Indeed a lot of uncertainty and end of an era what an amazing reign Rest In Peace

----------


## MarkN

As ambivalent as I am to the the Royals, I do have a genuine regard and understanding that:

Elizabeth II,  left this world a better place than she found it.

RIP

----------


## Rushy

I am definitely not a royalist and do not support the monarchy or the royal family but there is absolutely no doubt in my mind that Queen Elizabeth II had a positive influence on the world we live in and for the she had my respect.  Rest In Peace.

----------


## Slug

Also not a royalist nor an anti, they are what they are.

...long live the queen!

----------


## Maca49

> I am definitely not a royalist and do not support the monarchy or the royal family but there is absolutely no doubt in my mind that Queen Elizabeth II had a positive influence on the world we live in and for the she had my respect.  Rest In Peace.


 @Rushy
And here I am thinking you couldn’t wait for big ears to reign!
It’s going to be hard to hold it all together for the royals now, god she must have cried some tears and felt the shame of her kids.
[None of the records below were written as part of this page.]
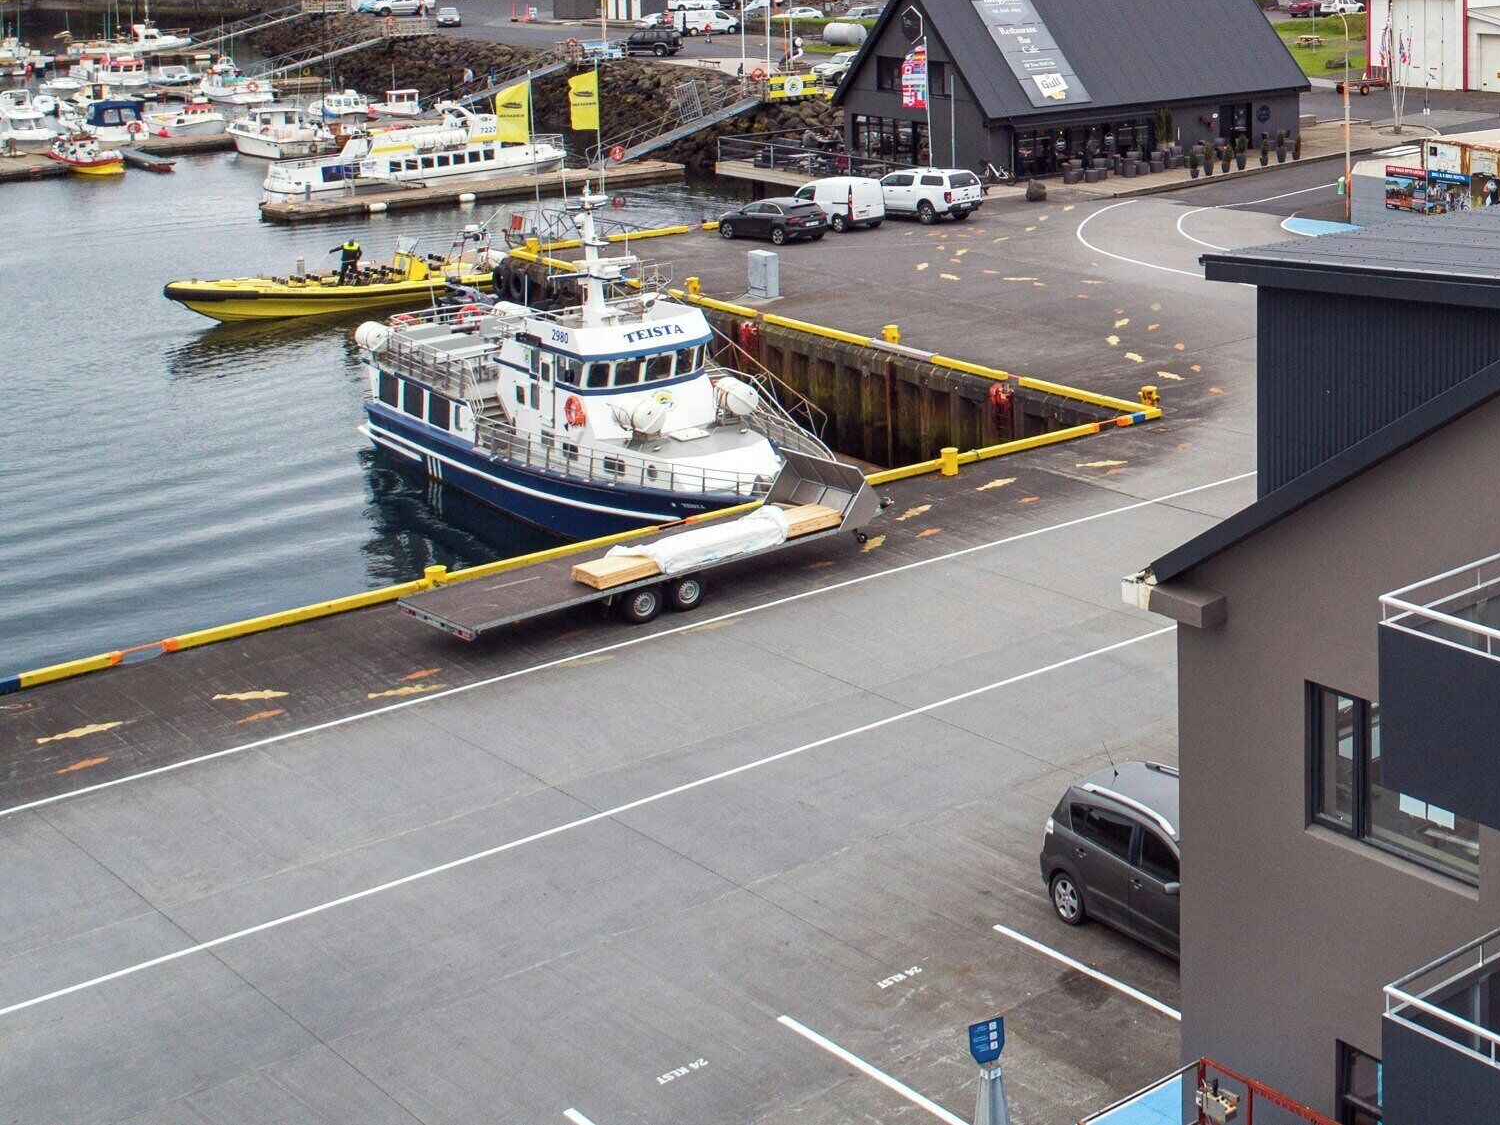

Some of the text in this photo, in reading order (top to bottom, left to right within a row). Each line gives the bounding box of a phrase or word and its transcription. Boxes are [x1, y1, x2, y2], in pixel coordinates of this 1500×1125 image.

[998, 27, 1038, 35] Restaurant
[1017, 36, 1031, 44] Bar
[1040, 77, 1063, 89] Gull
[551, 329, 569, 344] 2980
[623, 324, 685, 343] TEISTA
[656, 1066, 690, 1085] KLST
Edward and Anne were the only decent ones
What an amazing monarch, she certainly had my respect.

----------


## MB

I'm also ambivalent about the royal family, but wonder if we are now a step closer to the Socialist Republics of Aotearoa. I can't be the only one thinking it.

----------


## Rushy

> And here I am thinking you couldn’t wait for big ears to reign!


His Royal wingnuttiness.

----------


## Sideshow

The Queen is dead long Regina the king!

Had the privilege to have met both one a hand shake one in conversation. Both where a lady and gentleman.

I do so hope that the new rein step up to the plate the have a lot to offer to our world.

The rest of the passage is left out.